- _What to do_
Set the pictures aside and return each record below precisely as written.

Information Start Marker

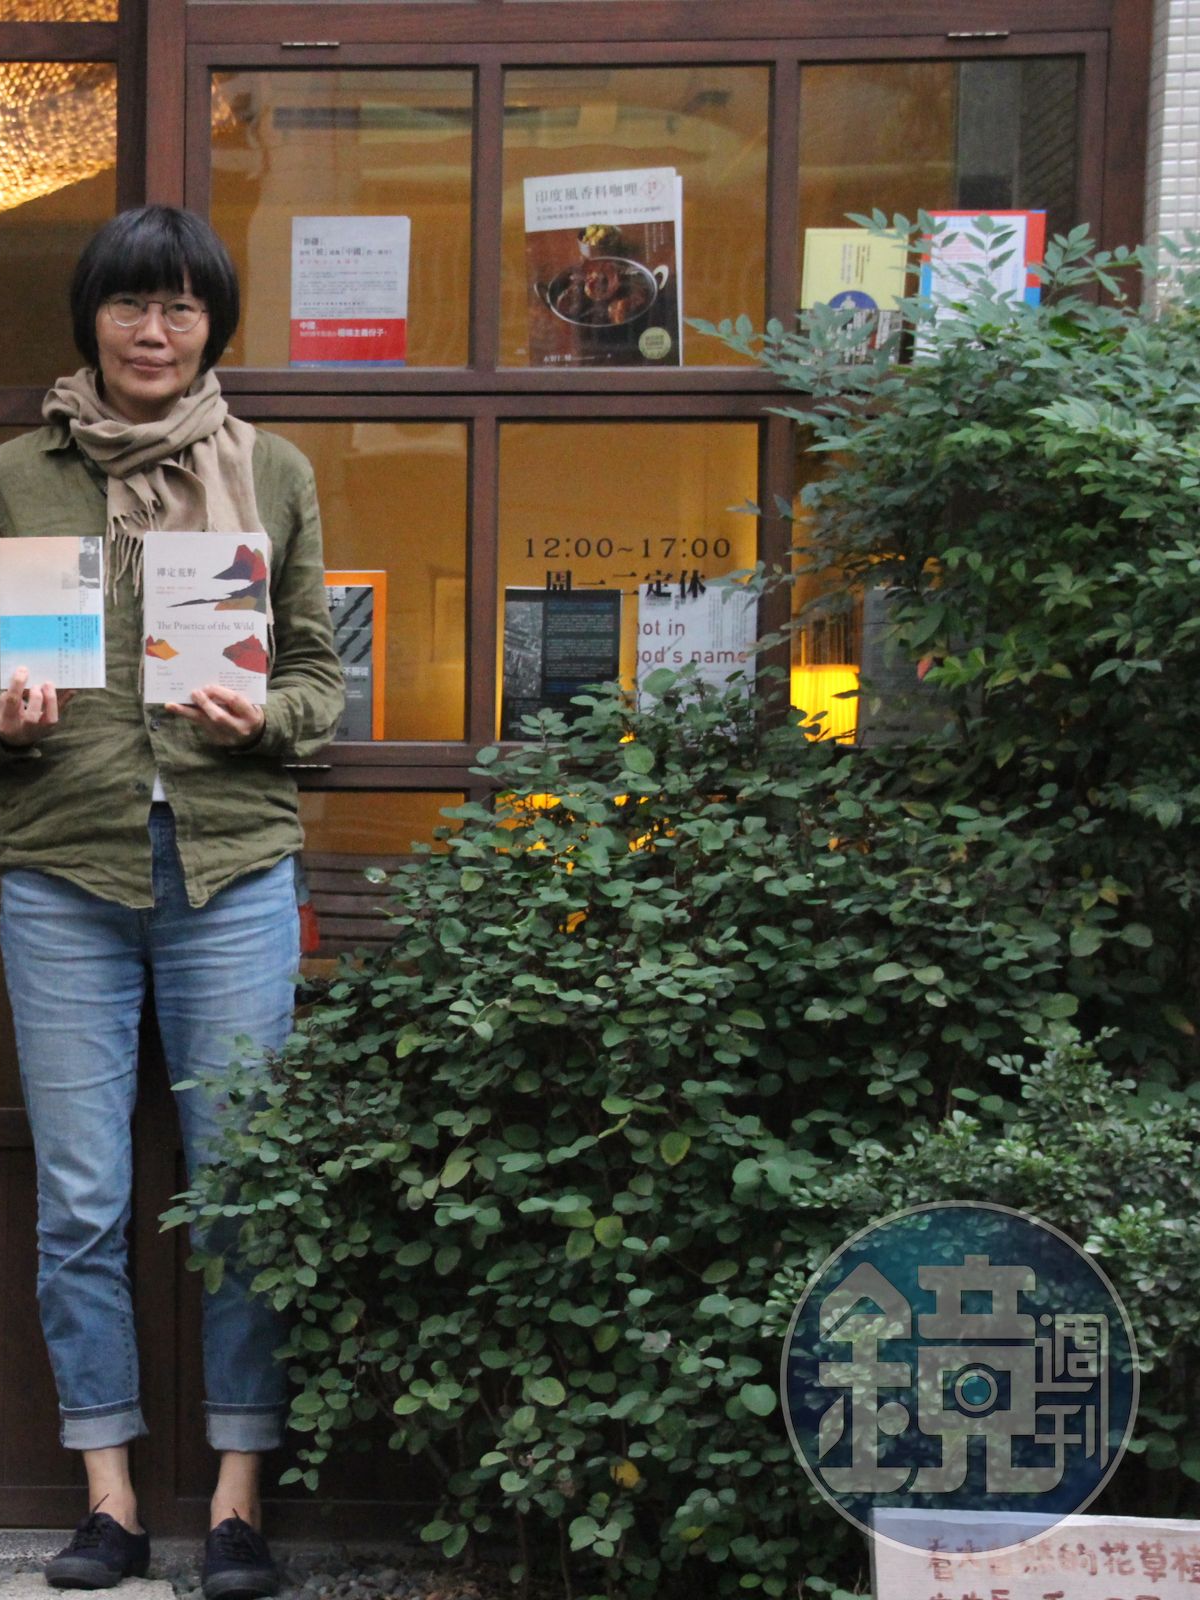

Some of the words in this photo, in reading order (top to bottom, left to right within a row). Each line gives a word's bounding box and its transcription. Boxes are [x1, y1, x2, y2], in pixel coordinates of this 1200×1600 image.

[525, 538, 731, 559] 12:00~17:00
[156, 621, 172, 631] The
[174, 621, 206, 631] Practice
[207, 621, 217, 631] of
[217, 621, 231, 631] the
[233, 621, 255, 631] Wild
[668, 619, 685, 636] in
[692, 650, 747, 664] name

Information End Marker

- _Solution to the exercise_
Some of the words in this photo, in reading order (top to bottom, left to right within a row). Each line gives a word's bounding box and its transcription. Boxes are [x1, y1, x2, y2], in pixel coordinates of this 1200×1600 image.

[525, 538, 731, 559] 12:00~17:00
[156, 621, 172, 631] The
[174, 621, 206, 631] Practice
[207, 621, 217, 631] of
[217, 621, 231, 631] the
[233, 621, 255, 631] Wild
[668, 619, 685, 636] in
[692, 650, 747, 664] name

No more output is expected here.